CITED1 (the abbreviation for CREB (cAMP-response element-binding protein)/ p300 interacting transactivator with glutamic acid/ aspartic acid-rich carboxy-terminal domain 1) protein, encoded by CITED1 gene, acts as transcriptional activator. The expression pattern is nuclear and cytoplasmic [63]. CITED1 enhances SMAD-mediated transcription by strengthening the interaction between DNA, transcription factors and coactivators (SMAD is an acronym coined by the fusion of names for the Sma gene in Caenorhabditis elegans and the “mothers against decapentaplegic” Mad gene in Drosophila). In association with SMAD pathway, CITED1 promotes signalling via transforming growth factor beta (TGF-beta) molecular pathway. CITED1 also stabilises interaction between oestrogen receptors and histone acetyltransferase, enhancing oestrogen-dependent gene expression, and associates with chromatin in oestrogen-dependent way.

CITED1 is expressed in PC [22]. Some authors consider it useful in differential diagnostics between PC, including follicular variant, and FA [43, 72] as expression of CITED1 in FA is considered rare [3]. However, CITED1 has been found in both benign and malignant pathologies.

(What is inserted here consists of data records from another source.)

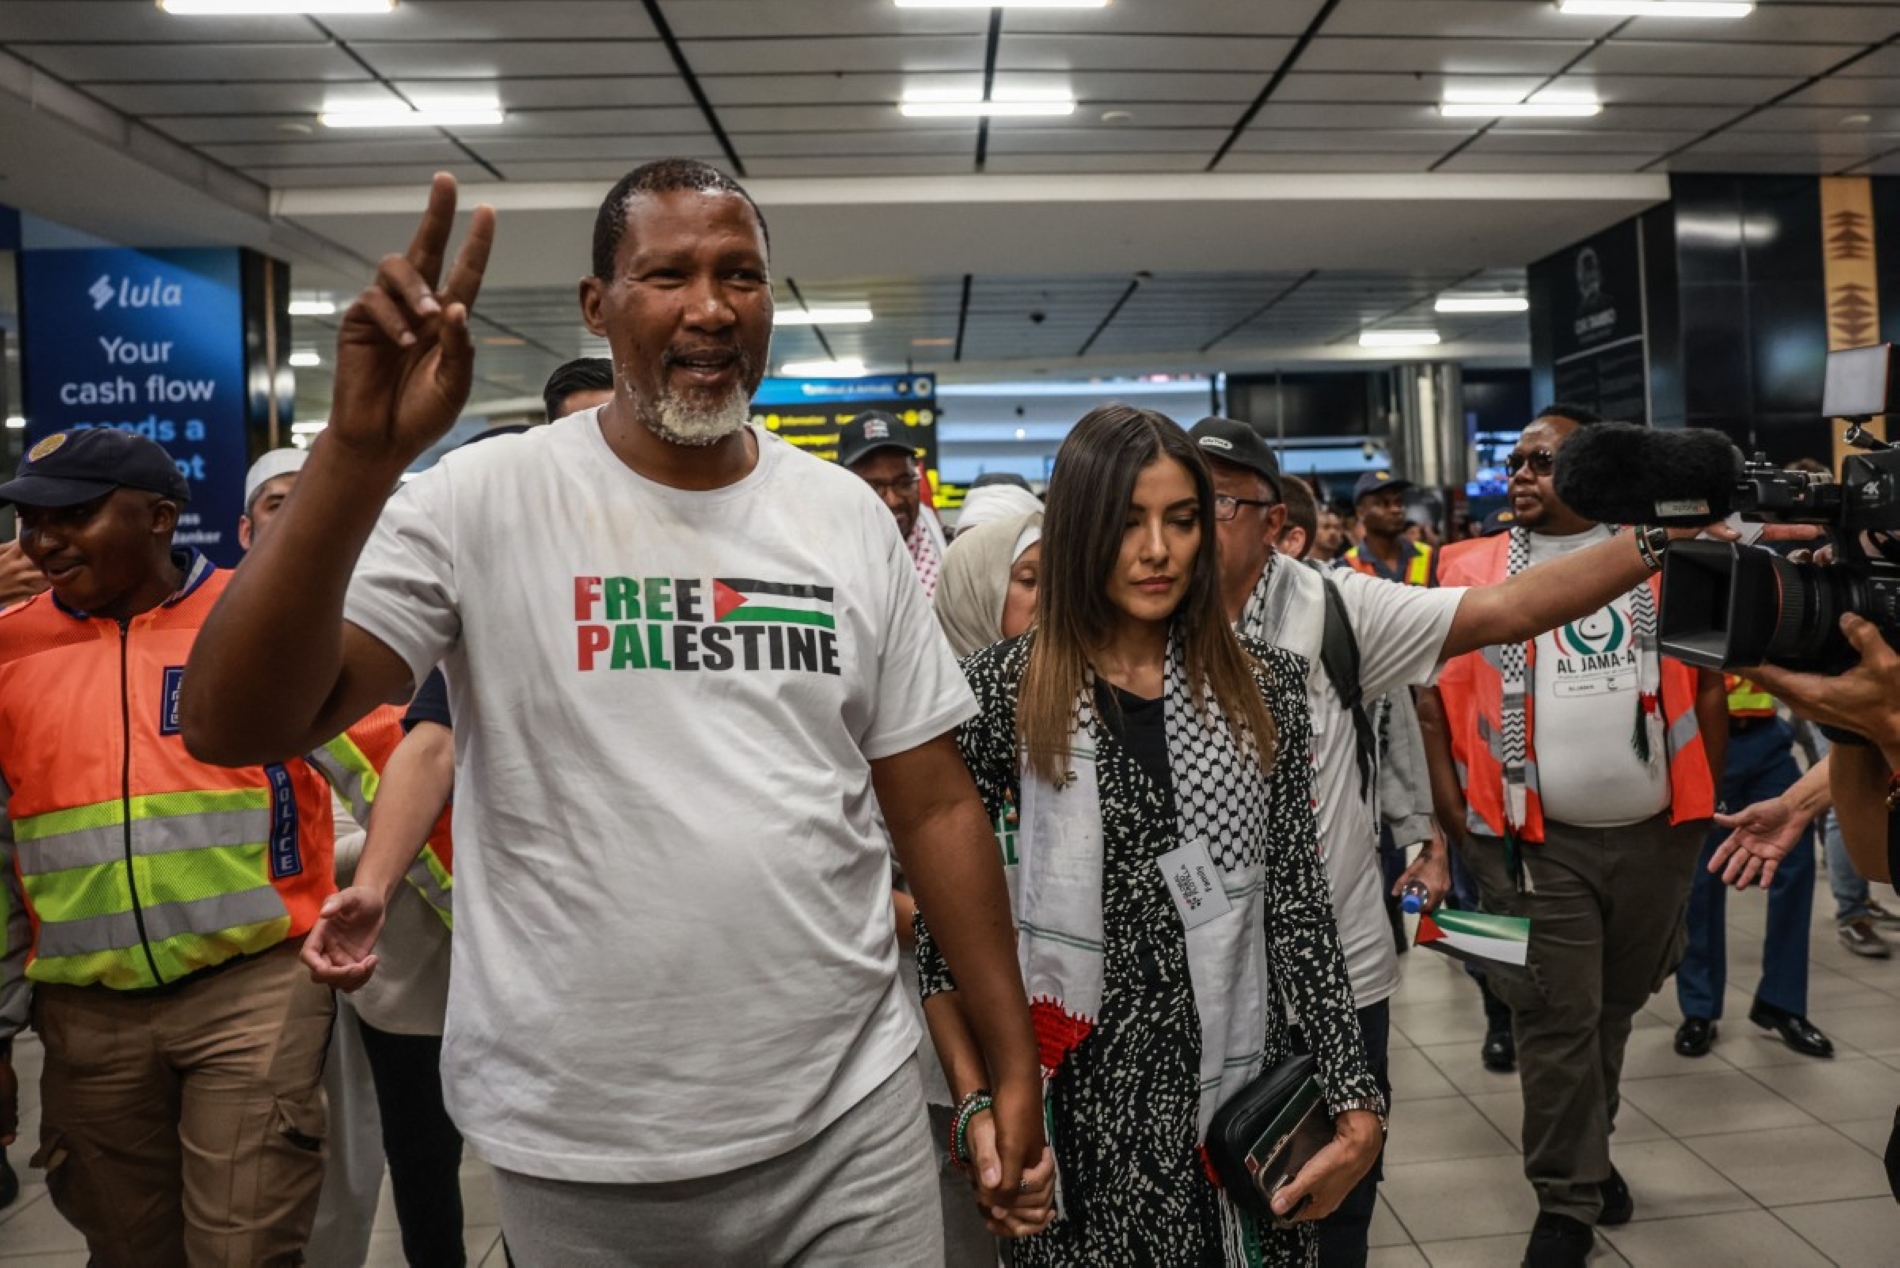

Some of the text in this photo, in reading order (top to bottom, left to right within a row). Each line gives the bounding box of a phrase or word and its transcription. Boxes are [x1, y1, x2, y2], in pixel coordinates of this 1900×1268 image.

[118, 277, 182, 307] lula
[99, 337, 172, 364] Your
[60, 375, 215, 405] cash flow
[185, 419, 205, 441] a
[1862, 481, 1880, 495] 4K
[574, 576, 704, 623] FREE
[577, 623, 841, 676] PALESTINE
[1557, 648, 1637, 674] AL JAMA-A
[276, 771, 293, 871] POLICE

Thus, in a large study of 177 thyroid glands (including 53 PCs, 11 FVPC cases, 13 FCs and 100 benign thyroids), CITED1 was expressed not only in 98% of PC, 100% of FVPC, and 86% of FC but also in 89% of Graves’ disease cases, 79% of nodular colloid goitre and 80% of FA [67]. More promising data were obtained in another large IHC study of 127 thyroid tumours, including 49 classic PCs, 29 FVPC cases and 49 FAs. CITED1 was expressed in 90% of classic PC and 83% FVPC cases, contrasting with 16% of FA [60]. Similarly, CITED1 was expressed in 93% of PC, 25% of FC, 10% of FA and 8% of nodular goitre, but it was not found in normal thyroid glands and Graves’ disease cases [63]. Among 215 formalin-fixed, paraffin-embedded thyroid specimens, CITED1 was expressed in 87% PC and 50% FC while only 10% of FA and 24% of nodular goitre were positive, but cases of Graves’ disease and normal thyroid were invariably negative [63].

CITED1 expression is dependent on technological issues. One of the described rabbit antibodies has been associated with increased background to such a degree that interferes with reliable evaluation. However, another rabbit antibody has also been considered as having lower sensitivity and specificity in comparison with HBME-1 and CK19 [60].

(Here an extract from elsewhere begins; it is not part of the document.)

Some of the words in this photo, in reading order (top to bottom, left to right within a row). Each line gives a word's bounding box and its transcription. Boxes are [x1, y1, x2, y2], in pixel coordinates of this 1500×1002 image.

Knowing the role of CITED1 in PC and the epidemiological evidence of higher incidence in females, it is not surprising to find expression of oestrogen and progesterone receptors in papillary carcinoma. Expression of oestrogen receptor alpha and progesterone receptor has been reported in 19% and 38.7–57% of PC cases, correspondingly [73, 74].

Galectins represent a family of proteins that are defined by the capacity to bind beta-galactoside carbohydrates. Galectins are located in cell nuclei, cytoplasm or extracellular space. Galectins are classified into dimeric, tandem and chimera classes. Dimeric galectins, e.g., galectin-1, are simple homodimers. Tandem galectins contain one or more carbohydrate recognition domains in a single peptide chain. Chimeric class, represented only by galectin-3, has long non-lectin domain. Such chimeric molecule can exist as a monomer (at low concentration) or form multimers (at high concentration), if up to five monomers are linked by non-lectin domain. The physiologic effects are different: while monomers inhibit adhesion by blocking adhesion proteins, pentamers create intercellular bridges or link cells and extracellular matrix.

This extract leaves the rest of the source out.